STEVE FORESTER DESPISED his floral patterned, living room glider rocker as well as its matching glider ottoman. It was a gift from his mother-in-law, but no one sat in the awkward contraption except the family cat. Even the cat would have preferred a recliner. Still, the rocker was the first piece of furniture to greet visitors as they entered the Forester household. It sat near the front door as a memorial to his mother-in-law, to be removed unceremoniously at her death.
    On the day of Steve’s holiday breakdown, he chose to sit in this unpopular oscillating rocker to gain a clearer perspective on the crises at hand. Mr. Forester had entered the Christmas season with high hopes and grandiose plans. From the get go, he had resolved not to succumb to the prevailing commercial corruption of Christmas.
    This resolve was strengthened when Steve received a homemade fruitcake from an elderly, widowed neighbor. Even though Steve hated fruitcake, Mildred Lurvy’s handmade gift had inspired him to create his own homespun Christmas.
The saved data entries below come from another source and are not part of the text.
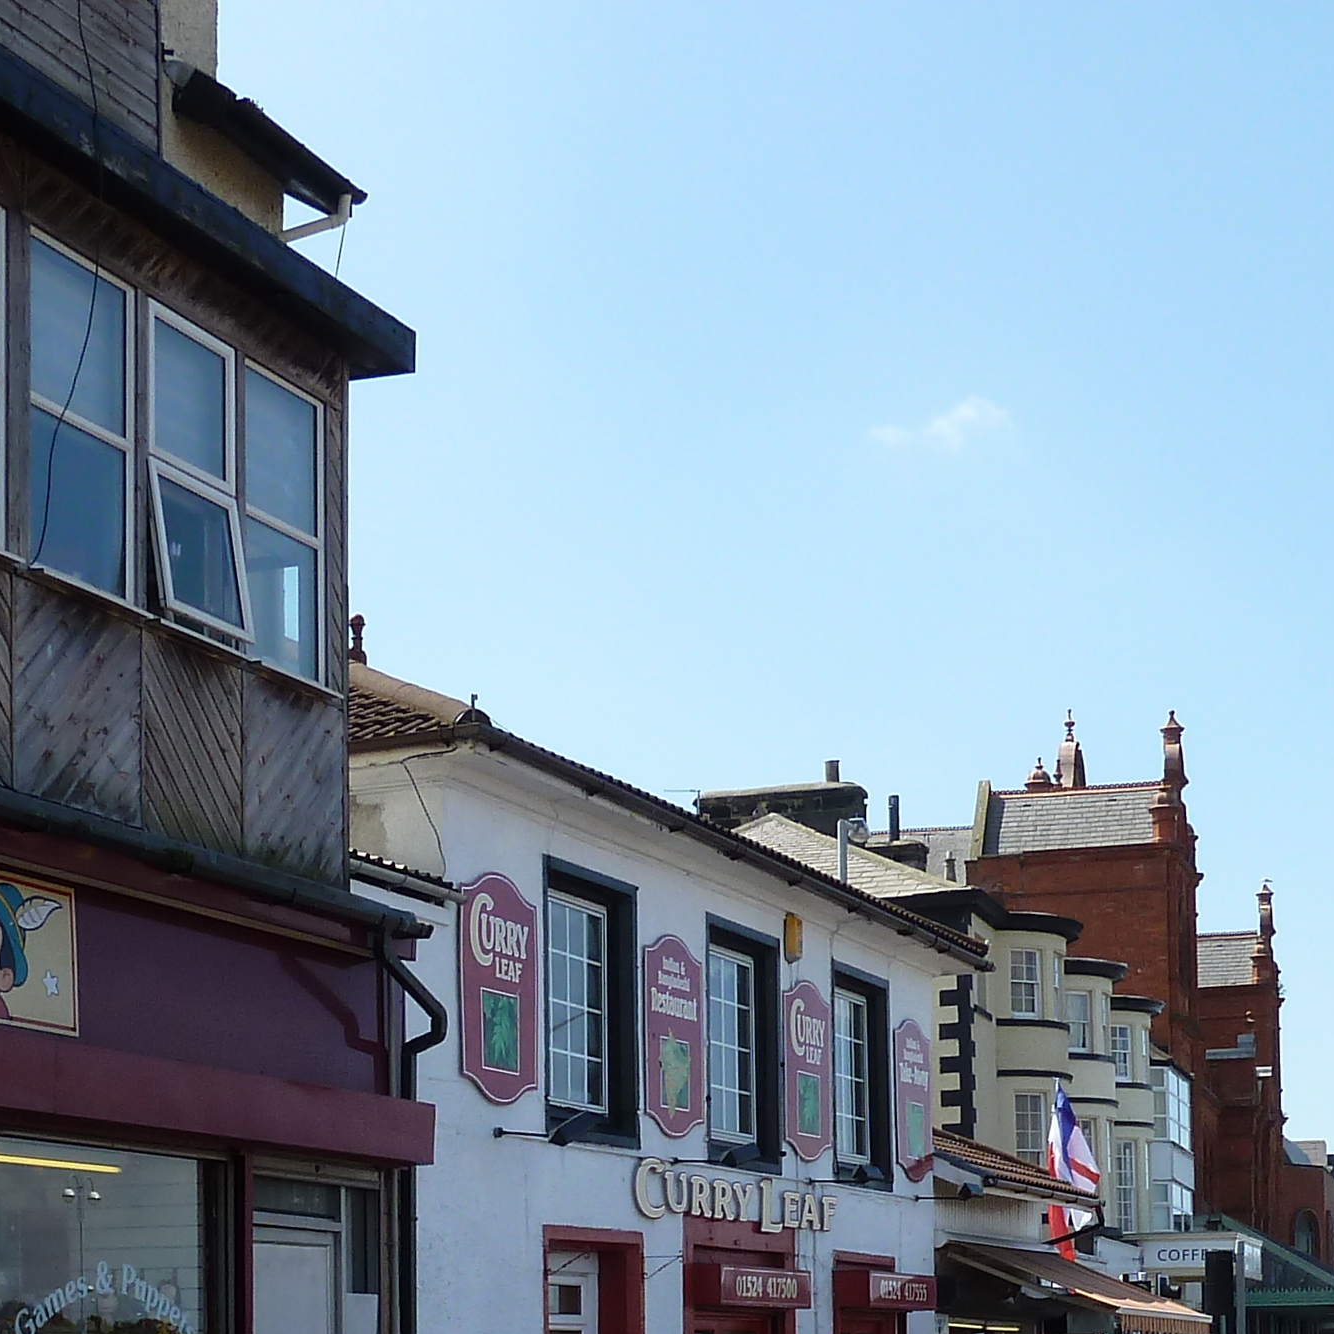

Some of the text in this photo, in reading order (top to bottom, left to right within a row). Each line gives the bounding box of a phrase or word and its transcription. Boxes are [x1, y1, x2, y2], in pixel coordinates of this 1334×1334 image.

[469, 892, 529, 967] CURRY
[494, 953, 523, 985] LEAF
[651, 986, 698, 1022] Restaurant
[789, 998, 826, 1057] CURRY
[805, 1042, 823, 1067] LEAF
[634, 1156, 839, 1234] CURRY LEAF
[94, 1260, 115, 1296] &
[735, 1274, 798, 1300] 01524 417500
[879, 1279, 928, 1303] 01524 417555
Consequently, he spent the larger part of December making gifts for his family as well as trying to find someone who actually liked the taste of Grandma Lurvy’s fruitcake.
    Now, with only two days left until Christmas, he had to admit that nothing had gone as planned. First, Steve had been entirely unsuccessful at pawning off Mrs. Lurvy’s fruitcake. For the most part individuals treated the offer of fruitcake like a contagion. Occasionally, someone would politely bluff and fain interest — but Steve would indicate all to clearly that he was going to stick around to witness consumption of the well-preserved loaf.
    Excuses would soon follow, especially, “You know I better not take it; I’m sure someone else would enjoy this more than I would.”
    Along with these woes, Steve’s idea of fashioning handmade gift had taken a tragic turn for the worse. Steve’s youngest daughter interpreted the mandate to make Christmas gifts as a sign the family had reached financial ruin. She had contacted numerous charitable agencies. By the time Cynthia’s appeals were discovered by her parents, the Foresters were inundated with holiday goodwill.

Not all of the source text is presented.